§ **TASK GOAL**
Give back all of the data exactly as it stands, with the pictures removed.

§ **Dataset entries**

Content starts

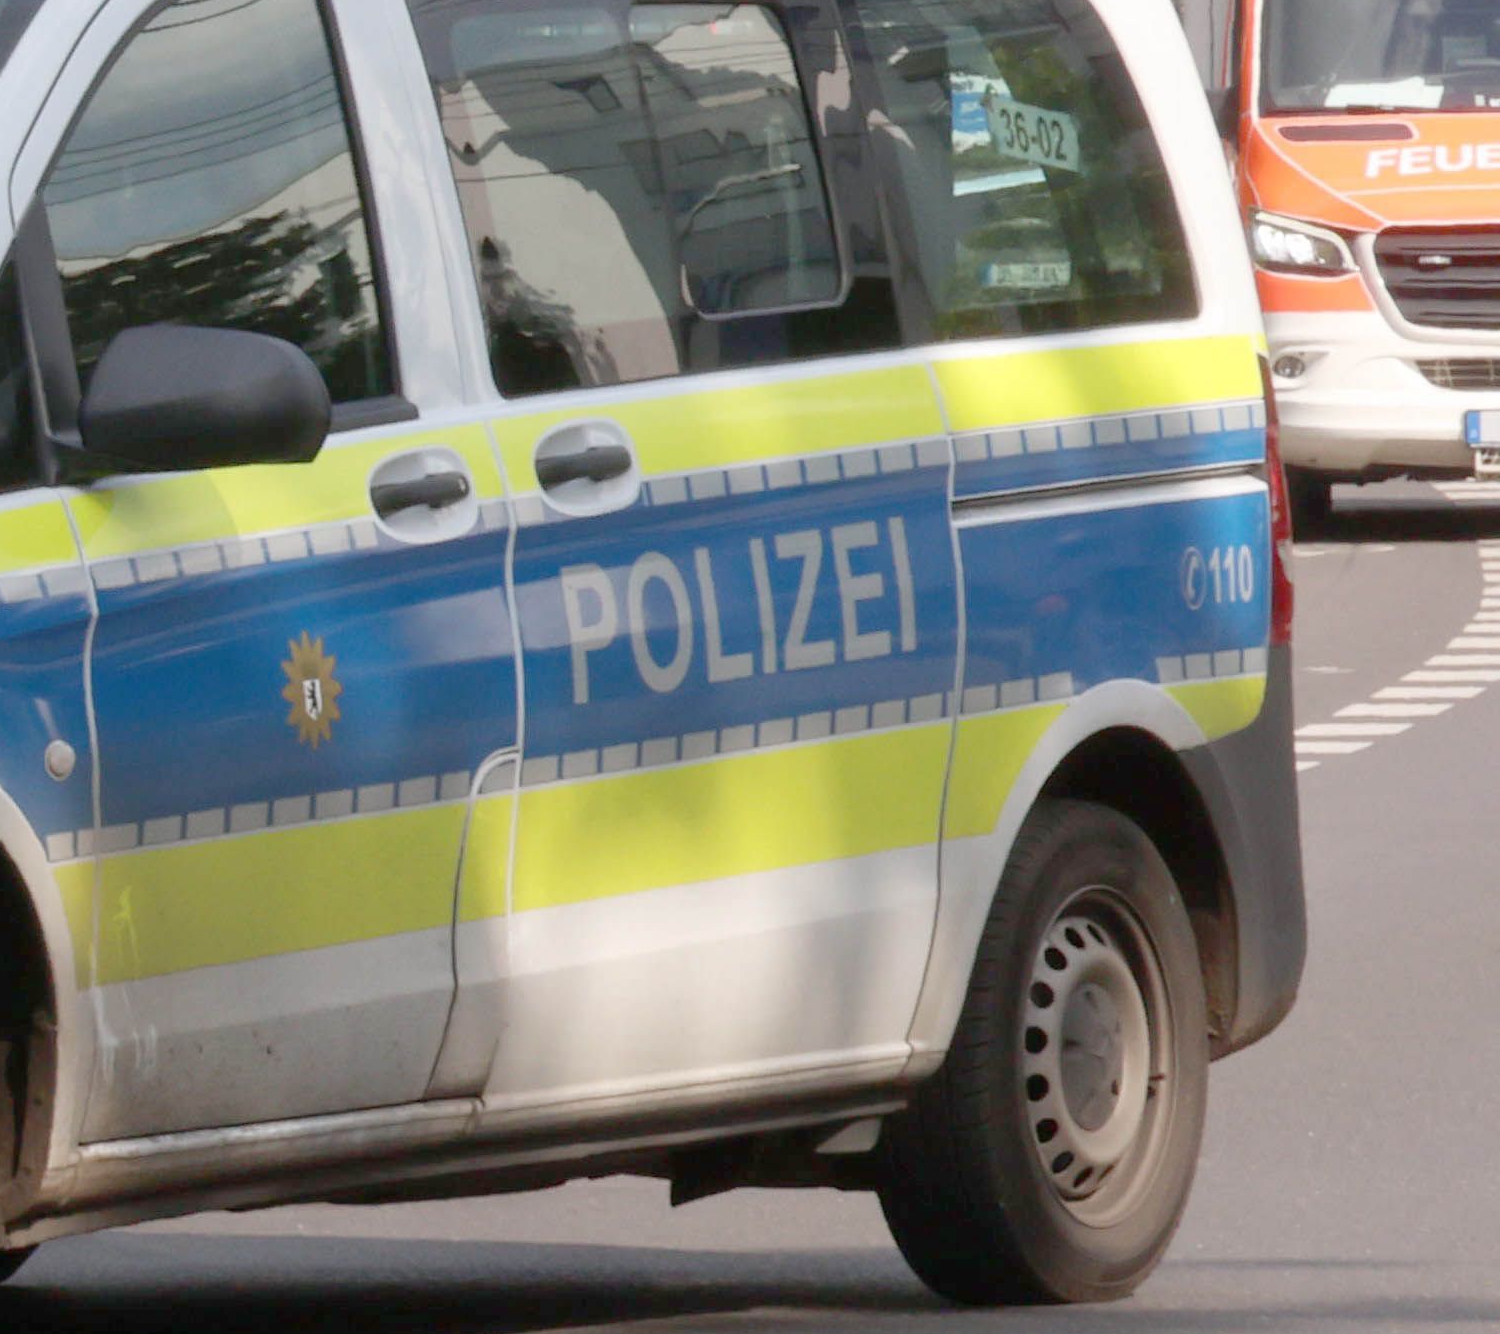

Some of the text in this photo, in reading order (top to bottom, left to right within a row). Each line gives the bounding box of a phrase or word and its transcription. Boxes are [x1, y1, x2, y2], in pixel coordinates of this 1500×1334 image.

[999, 108, 1068, 161] 36-02
[1365, 143, 1500, 179] FEUE
[1208, 544, 1252, 604] 110
[560, 516, 916, 704] POLIZEI
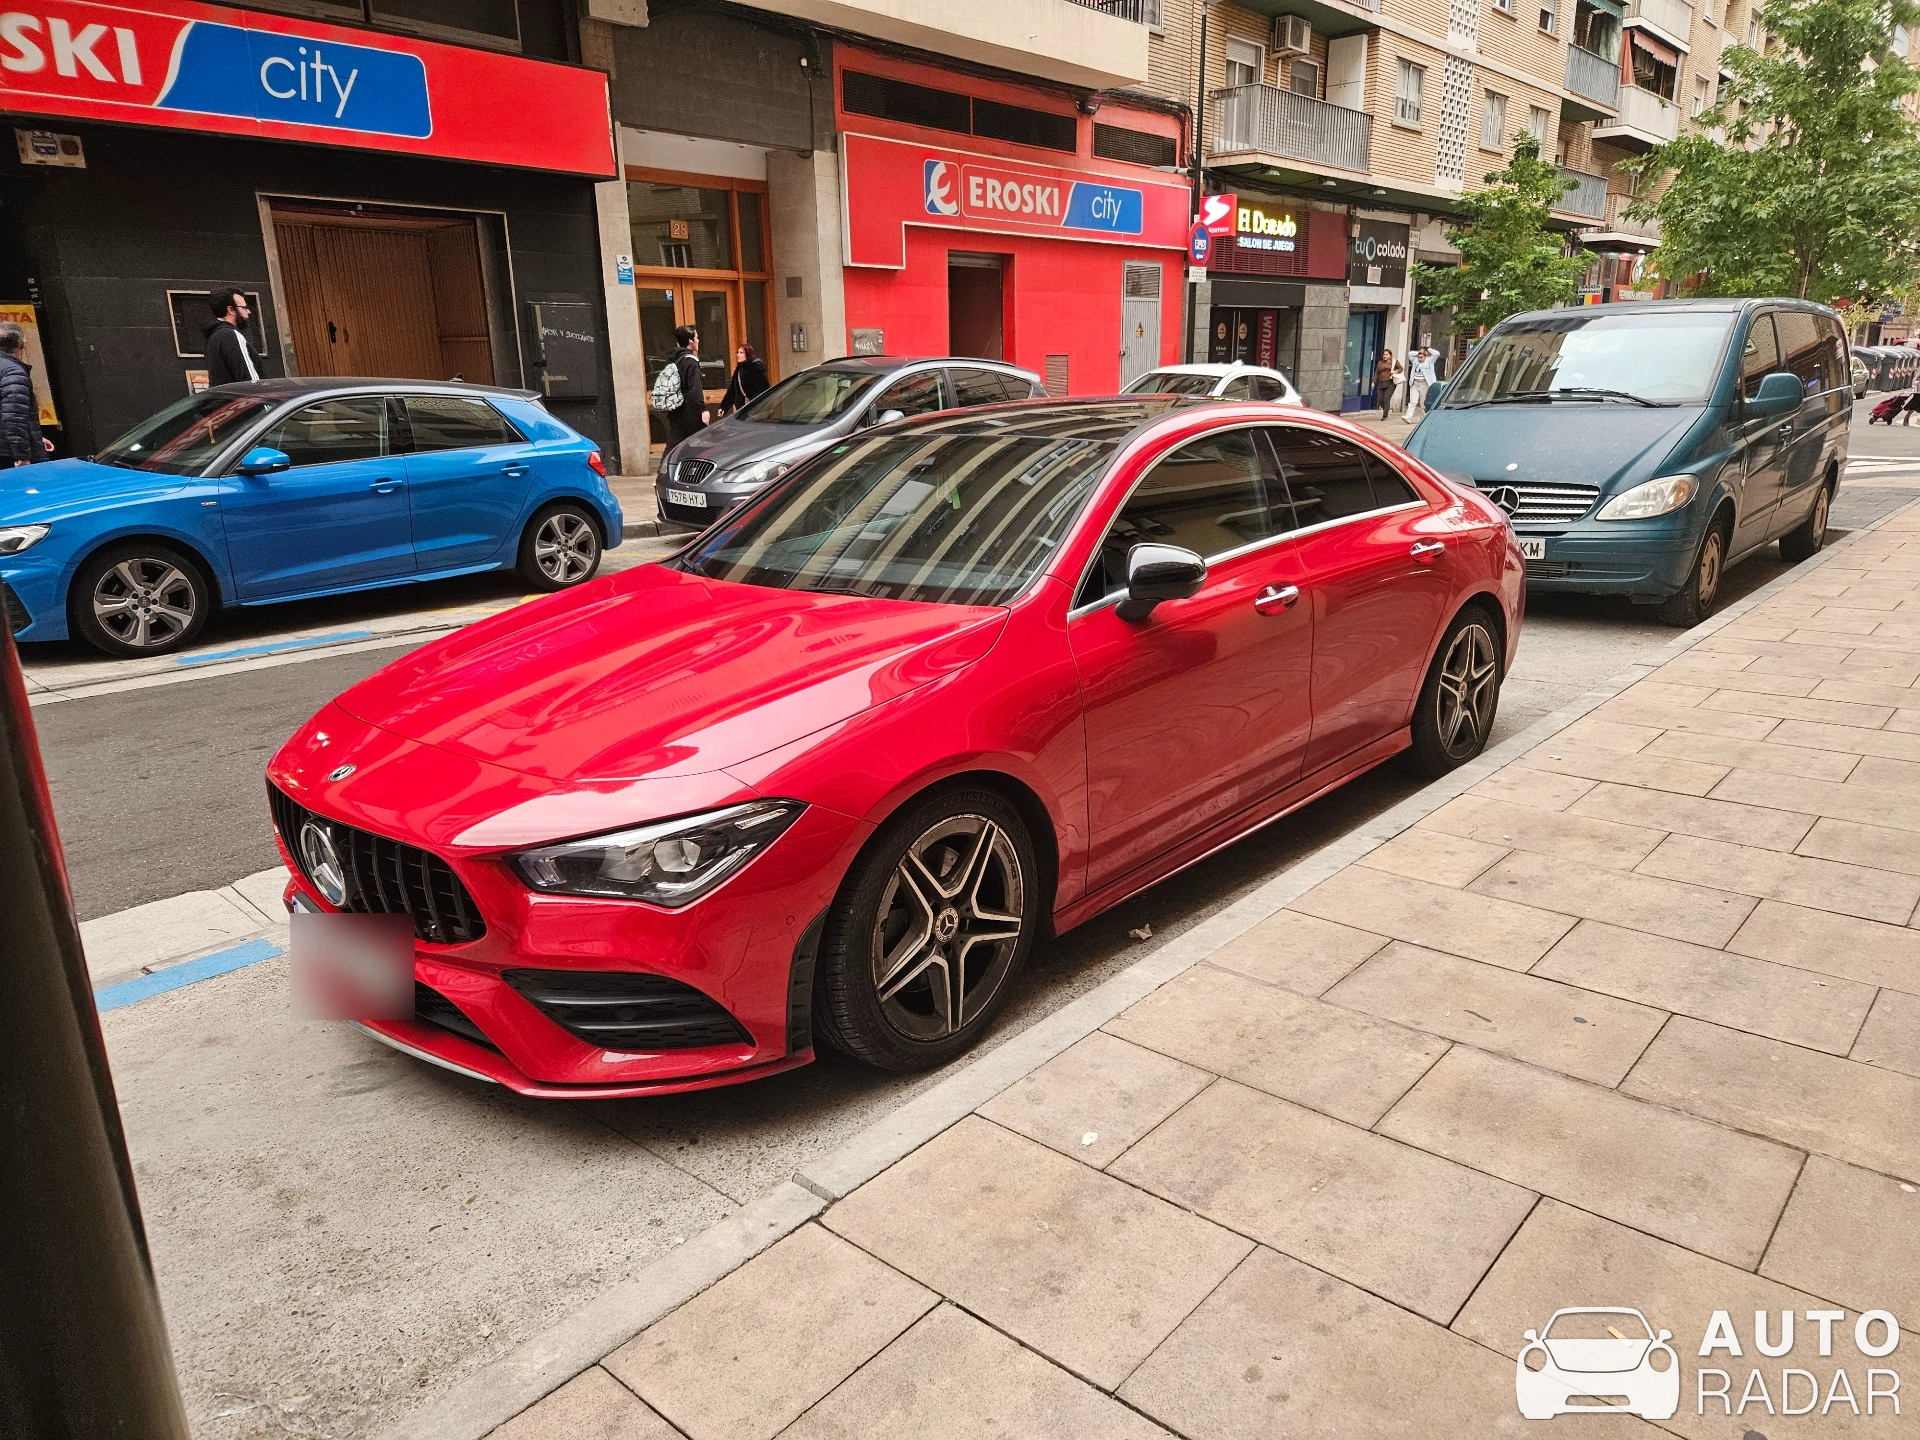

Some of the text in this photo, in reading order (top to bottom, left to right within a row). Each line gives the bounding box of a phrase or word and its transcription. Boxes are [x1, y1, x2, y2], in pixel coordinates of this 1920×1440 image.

[260, 47, 358, 119] city
[969, 176, 1122, 227] EROSKI city
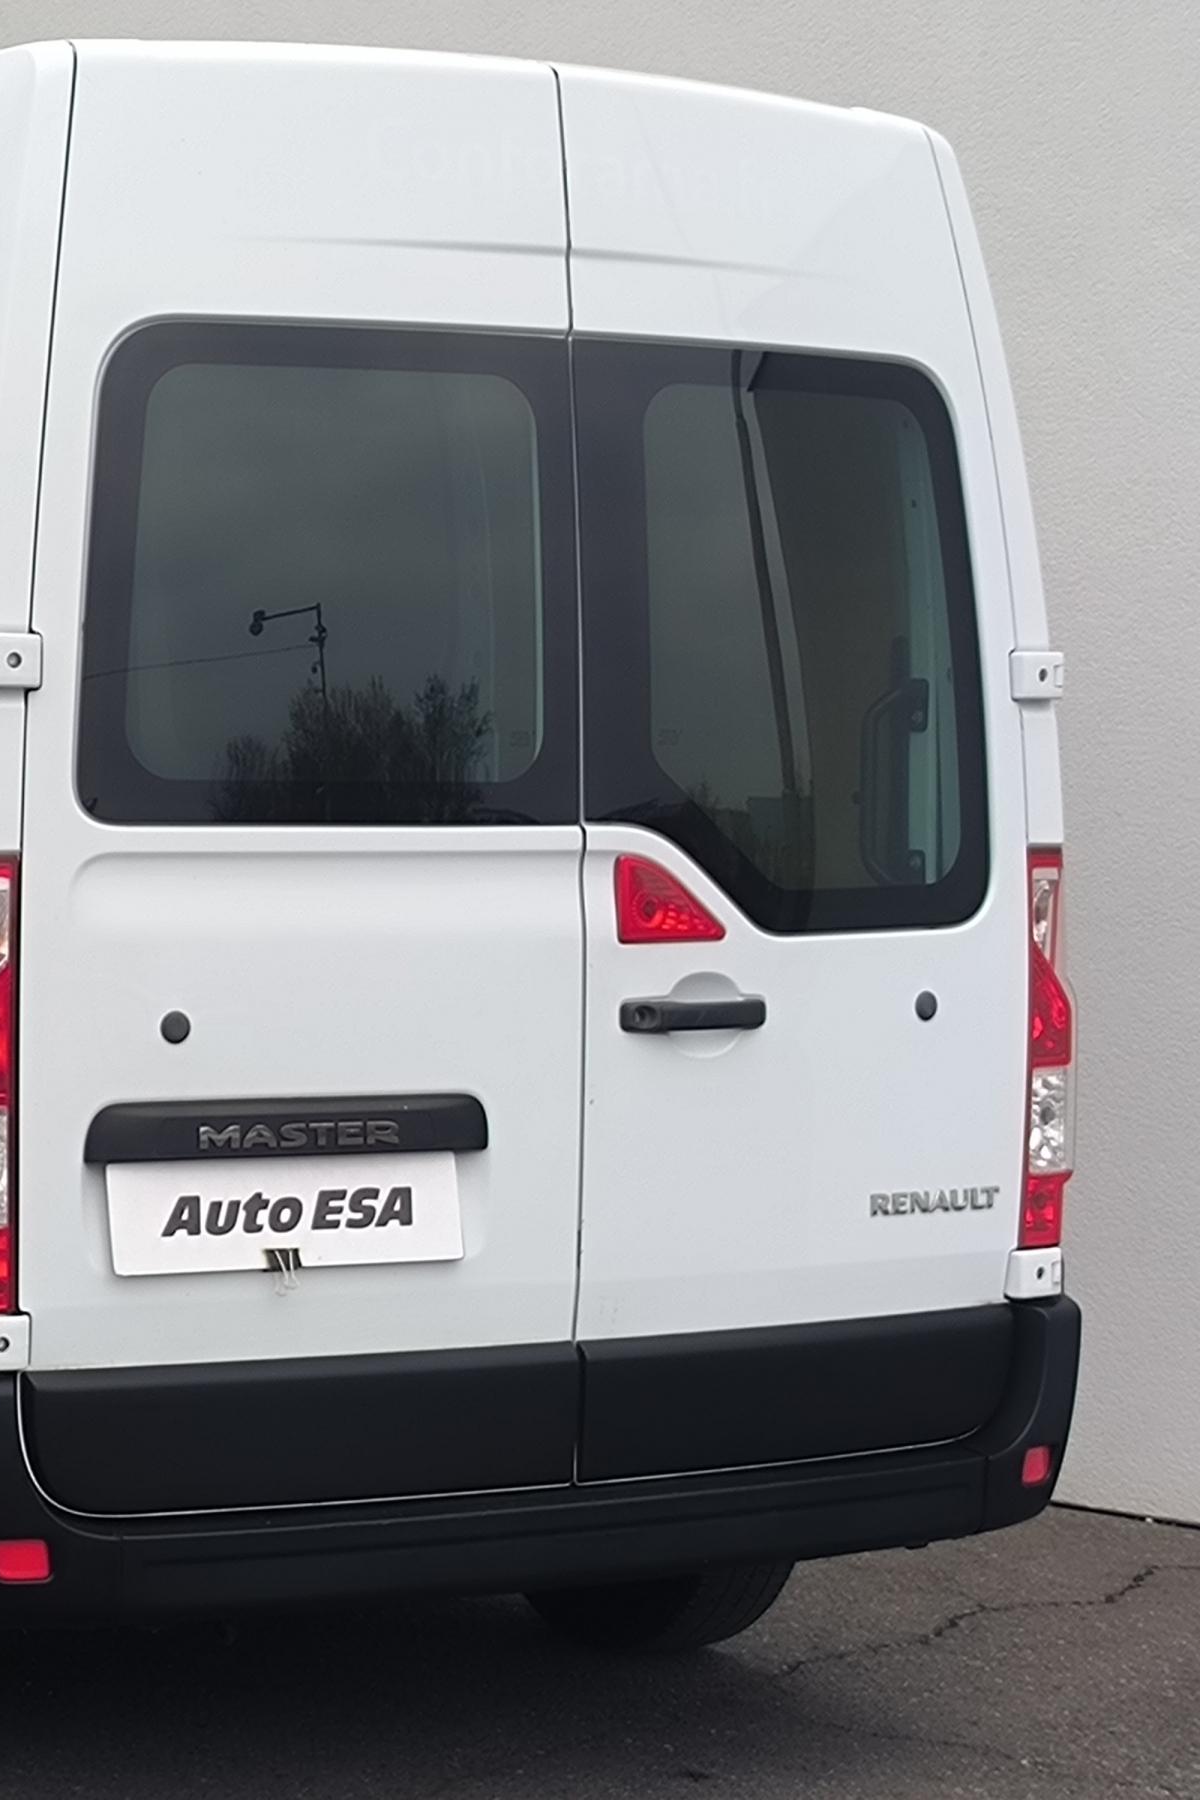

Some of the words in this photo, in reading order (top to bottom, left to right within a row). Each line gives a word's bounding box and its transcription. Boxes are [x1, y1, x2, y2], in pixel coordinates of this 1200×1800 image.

[199, 1120, 400, 1150] MASTER
[161, 1191, 304, 1238] Auto
[311, 1186, 414, 1231] ESA
[869, 1186, 1000, 1218] RENAULT

Content ends

§ **OUTPUT OF THE EXERCISE**
Some of the text in this photo, in reading order (top to bottom, left to right within a row). Each line gives the bounding box of a phrase or word and its transcription. Boxes are [x1, y1, x2, y2], in pixel coordinates of this 1500×1334 image.

[999, 108, 1068, 161] 36-02
[1365, 143, 1500, 179] FEUE
[1208, 544, 1252, 604] 110
[560, 516, 916, 704] POLIZEI

Some of the text in this photo, in reading order (top to bottom, left to right within a row). Each line gives the bounding box of a phrase or word and its transcription. Boxes are [x1, y1, x2, y2], in pixel coordinates of this 1920×1440 image.

[260, 47, 358, 119] city
[969, 176, 1122, 227] EROSKI city

Some of the words in this photo, in reading order (top to bottom, left to right within a row). Each line gives a word's bounding box and its transcription. Boxes are [x1, y1, x2, y2], in pixel coordinates of this 1200×1800 image.

[199, 1120, 400, 1150] MASTER
[161, 1191, 304, 1238] Auto
[311, 1186, 414, 1231] ESA
[869, 1186, 1000, 1218] RENAULT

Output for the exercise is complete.